▶ **Work instructions**
Exclude the pictures and transcribe the rest of the data below exactly.

▶ **Entries provided**
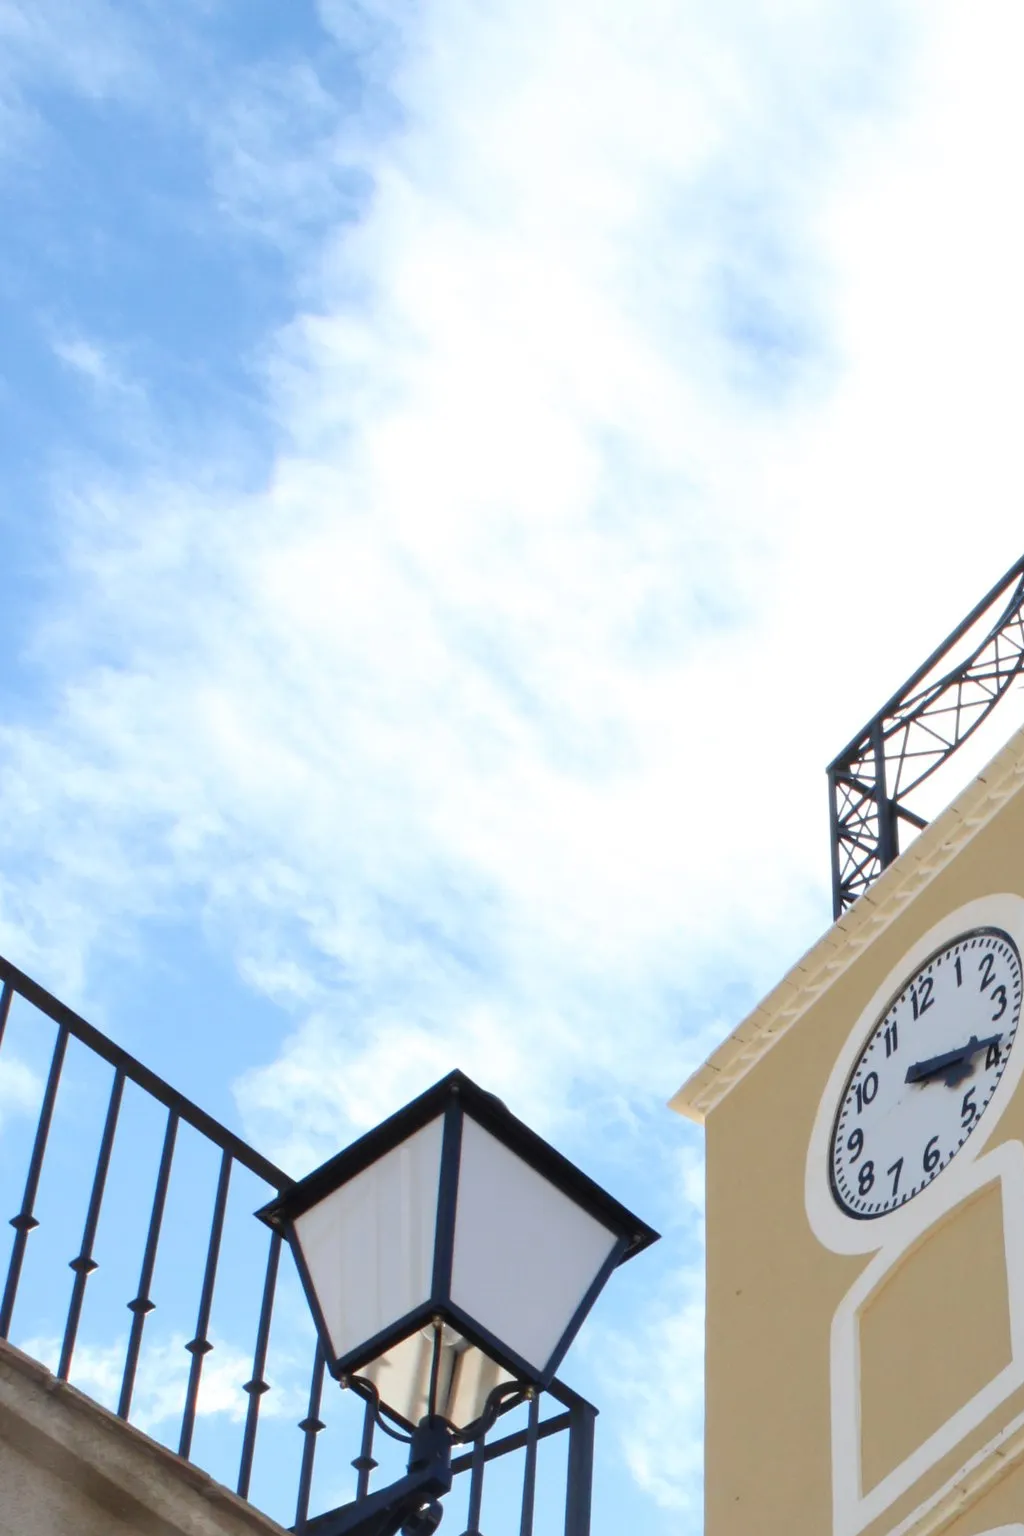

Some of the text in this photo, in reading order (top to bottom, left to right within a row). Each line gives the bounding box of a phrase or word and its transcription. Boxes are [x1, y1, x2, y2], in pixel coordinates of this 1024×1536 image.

[955, 957, 962, 987] 1
[979, 953, 994, 991] 2
[911, 978, 934, 1020] 12
[991, 985, 1007, 1020] 3
[884, 1024, 898, 1057] 11
[985, 1042, 1001, 1070] 4
[856, 1072, 878, 1114] 10
[962, 1087, 976, 1127] 5
[848, 1128, 864, 1163] 9
[923, 1136, 940, 1172] 6
[858, 1161, 874, 1195] 8
[888, 1157, 904, 1196] 7
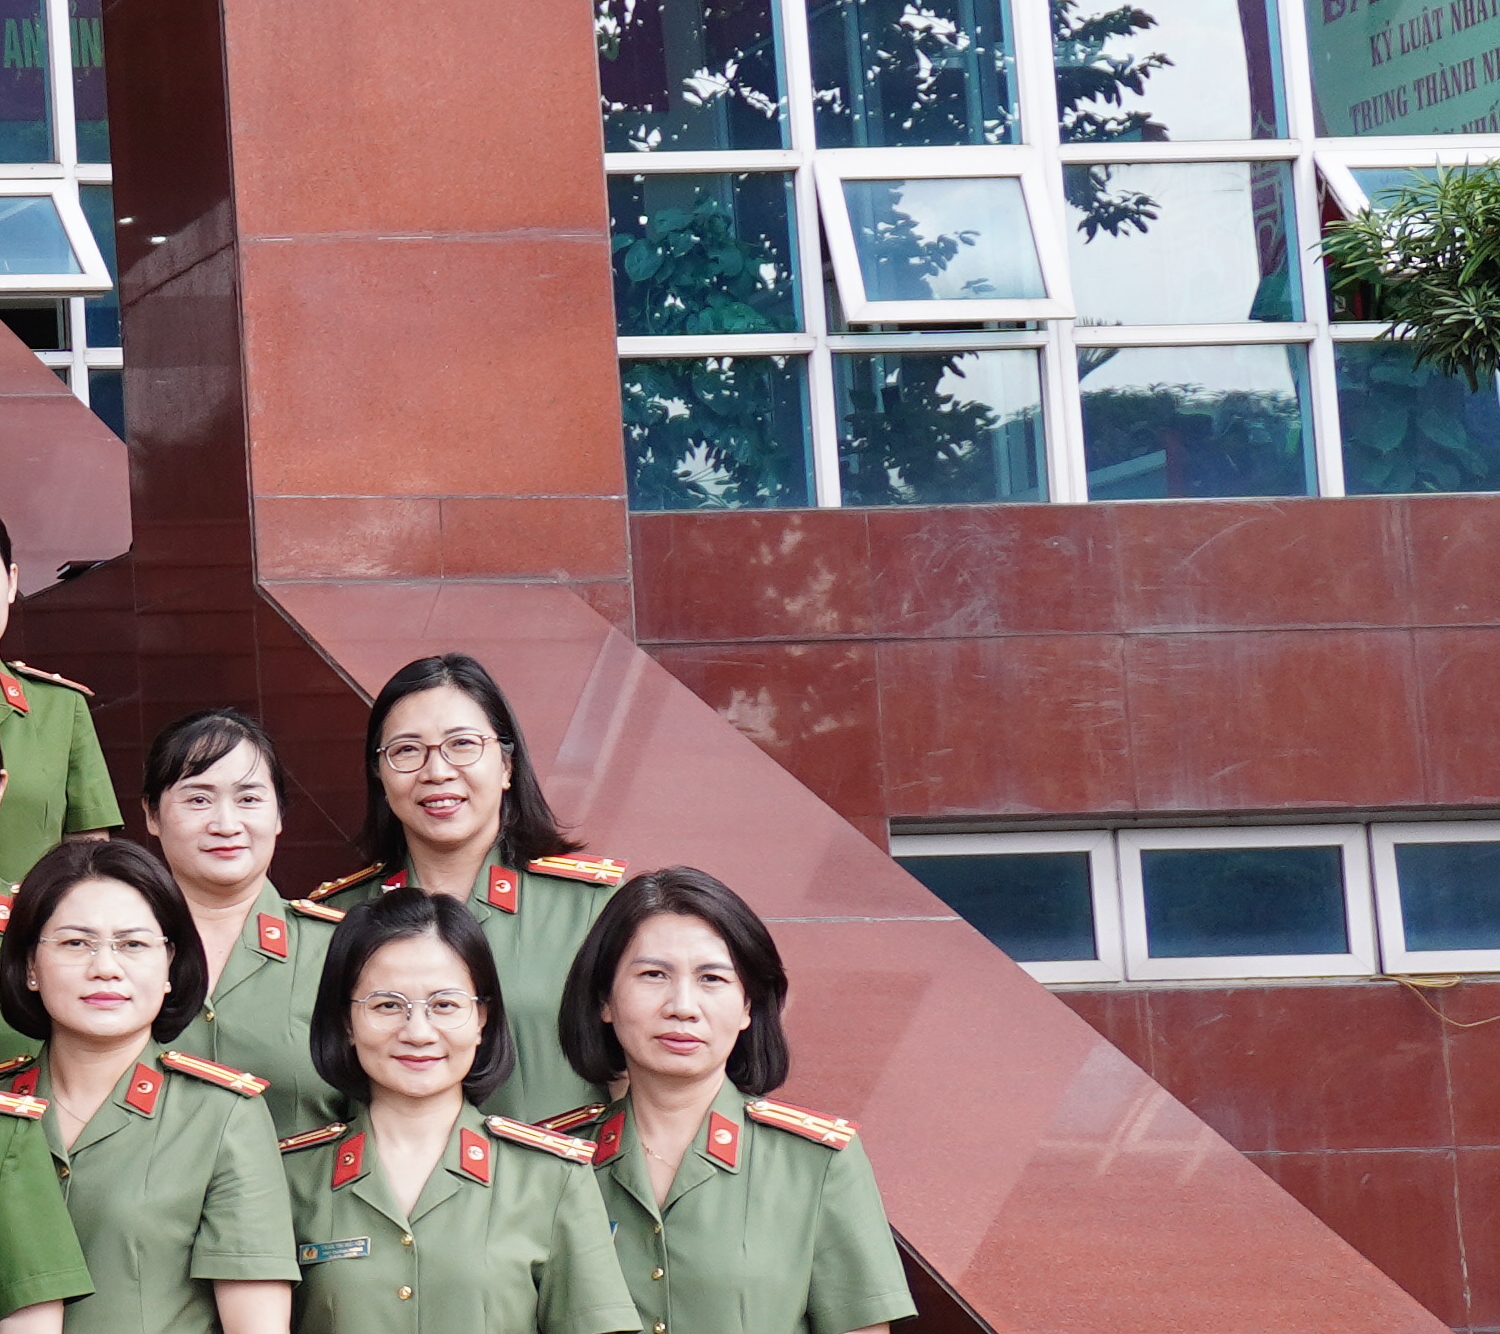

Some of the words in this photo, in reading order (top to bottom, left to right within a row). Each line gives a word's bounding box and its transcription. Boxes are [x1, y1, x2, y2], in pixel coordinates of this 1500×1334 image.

[1368, 19, 1394, 67] KỶ
[1398, 5, 1444, 55] LUẬT
[1349, 84, 1409, 136] TRUNG
[1413, 58, 1477, 111] THÀNH
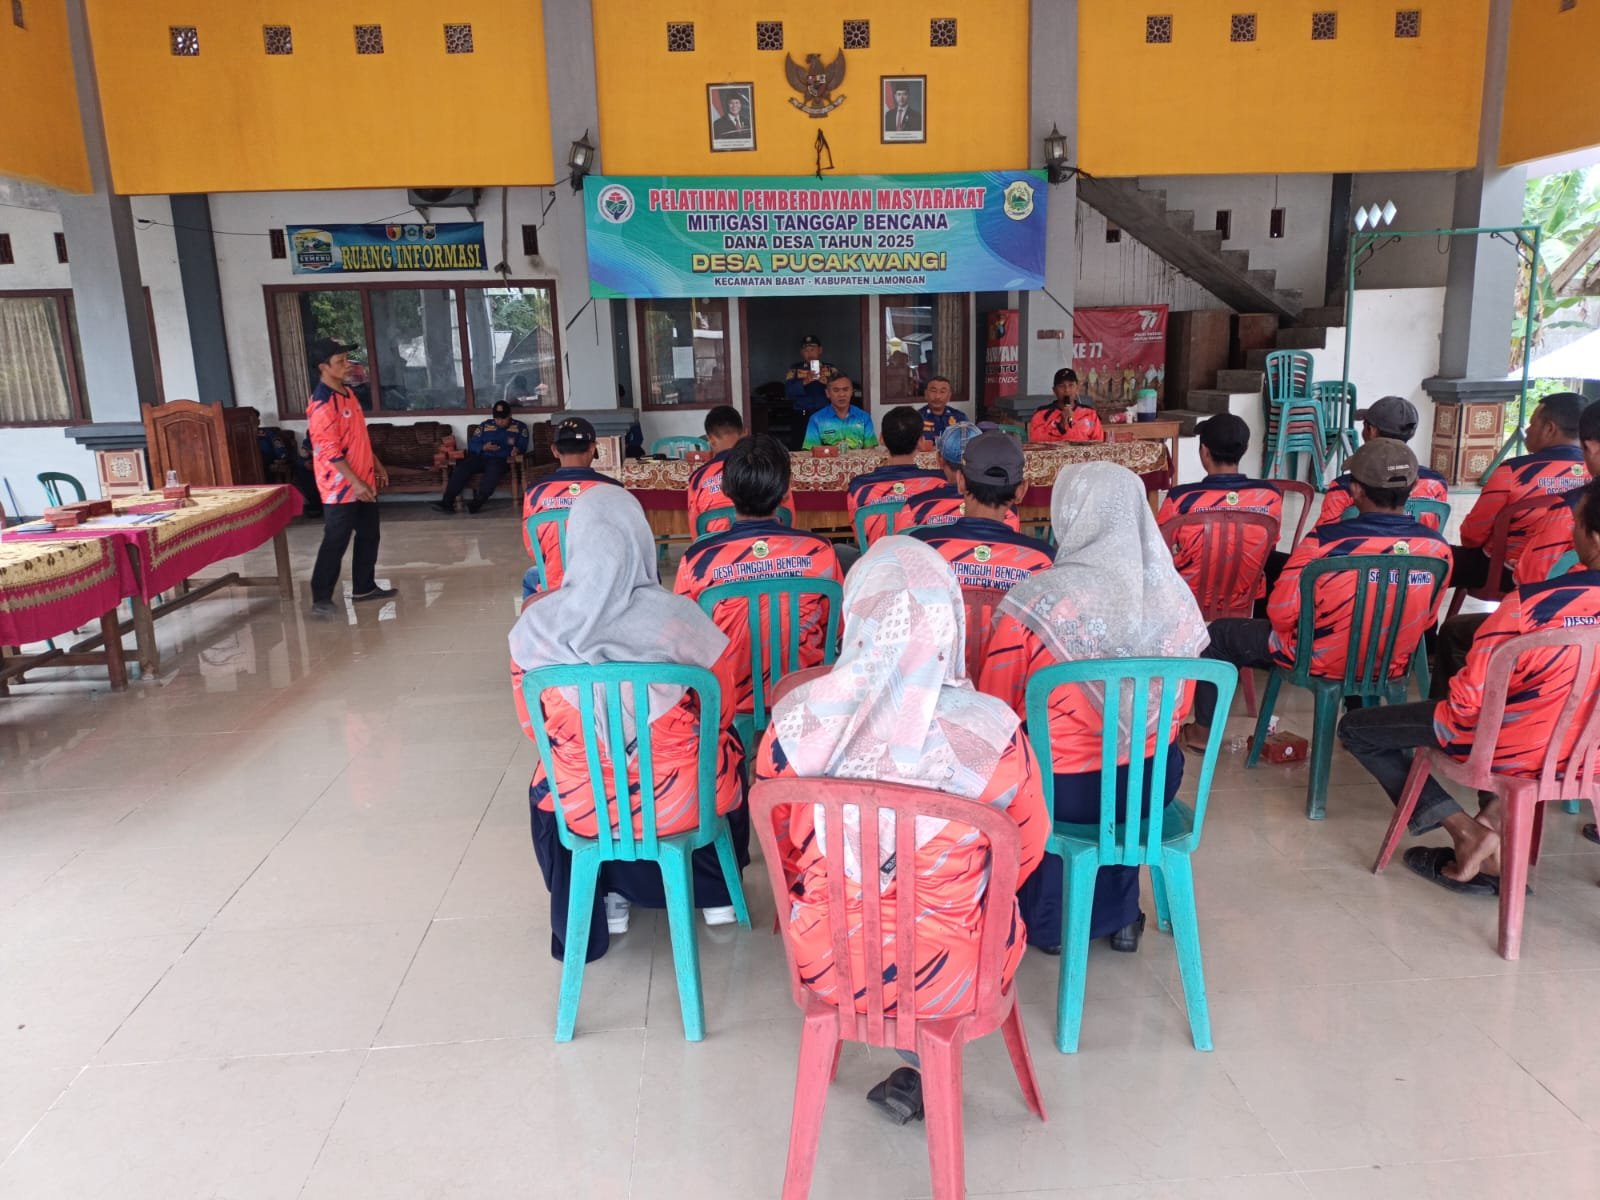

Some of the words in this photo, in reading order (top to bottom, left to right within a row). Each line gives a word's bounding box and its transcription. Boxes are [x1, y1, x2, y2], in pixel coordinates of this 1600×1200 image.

[649, 189, 739, 211] PELATIHAN
[743, 189, 873, 211] PEMBERDAYAAN
[876, 187, 985, 210] MASYARAKAT
[687, 214, 769, 232] MITIGASI
[774, 214, 858, 231] TANGGAP
[863, 213, 949, 230] BENCANA
[724, 235, 768, 249] DANA
[772, 235, 814, 249] DESA
[818, 235, 873, 249] TAHUN
[877, 234, 914, 248] 2025
[341, 245, 392, 270] RUANG
[397, 243, 482, 269] INFORMASI
[692, 254, 763, 273] DESA
[771, 252, 947, 272] PUCAKWANGI
[714, 277, 773, 286] KECAMATAN
[775, 277, 805, 285] BABAT
[814, 276, 870, 285] KABUPATEN
[872, 275, 926, 284] LAMONGAN
[1089, 342, 1103, 358] 77
[713, 565, 734, 580] DESA
[735, 559, 774, 576] TANGGUH
[776, 556, 813, 570] BENCANA
[953, 562, 993, 577] TANGGUH

▶ **Expected answer**
Some of the text in this photo, in reading order (top to bottom, left to right within a row). Each line gives the bounding box of a phrase or word and its transcription. Boxes are [x1, y1, x2, y2], in pixel coordinates of this 1024×1536 image.

[955, 957, 962, 987] 1
[979, 953, 994, 991] 2
[911, 978, 934, 1020] 12
[991, 985, 1007, 1020] 3
[884, 1024, 898, 1057] 11
[985, 1042, 1001, 1070] 4
[856, 1072, 878, 1114] 10
[962, 1087, 976, 1127] 5
[848, 1128, 864, 1163] 9
[923, 1136, 940, 1172] 6
[858, 1161, 874, 1195] 8
[888, 1157, 904, 1196] 7

Some of the words in this photo, in reading order (top to bottom, left to right within a row). Each line gives a word's bounding box and its transcription. Boxes are [x1, y1, x2, y2], in pixel coordinates of this 1500×1334 image.

[1368, 19, 1394, 67] KỶ
[1398, 5, 1444, 55] LUẬT
[1349, 84, 1409, 136] TRUNG
[1413, 58, 1477, 111] THÀNH

Some of the words in this photo, in reading order (top to bottom, left to right within a row). Each line gives a word's bounding box and its transcription. Boxes are [x1, y1, x2, y2], in pixel coordinates of this 1600×1200 image.

[649, 189, 739, 211] PELATIHAN
[743, 189, 873, 211] PEMBERDAYAAN
[876, 187, 985, 210] MASYARAKAT
[687, 214, 769, 232] MITIGASI
[774, 214, 858, 231] TANGGAP
[863, 213, 949, 230] BENCANA
[724, 235, 768, 249] DANA
[772, 235, 814, 249] DESA
[818, 235, 873, 249] TAHUN
[877, 234, 914, 248] 2025
[341, 245, 392, 270] RUANG
[397, 243, 482, 269] INFORMASI
[692, 254, 763, 273] DESA
[771, 252, 947, 272] PUCAKWANGI
[714, 277, 773, 286] KECAMATAN
[775, 277, 805, 285] BABAT
[814, 276, 870, 285] KABUPATEN
[872, 275, 926, 284] LAMONGAN
[1089, 342, 1103, 358] 77
[713, 565, 734, 580] DESA
[735, 559, 774, 576] TANGGUH
[776, 556, 813, 570] BENCANA
[953, 562, 993, 577] TANGGUH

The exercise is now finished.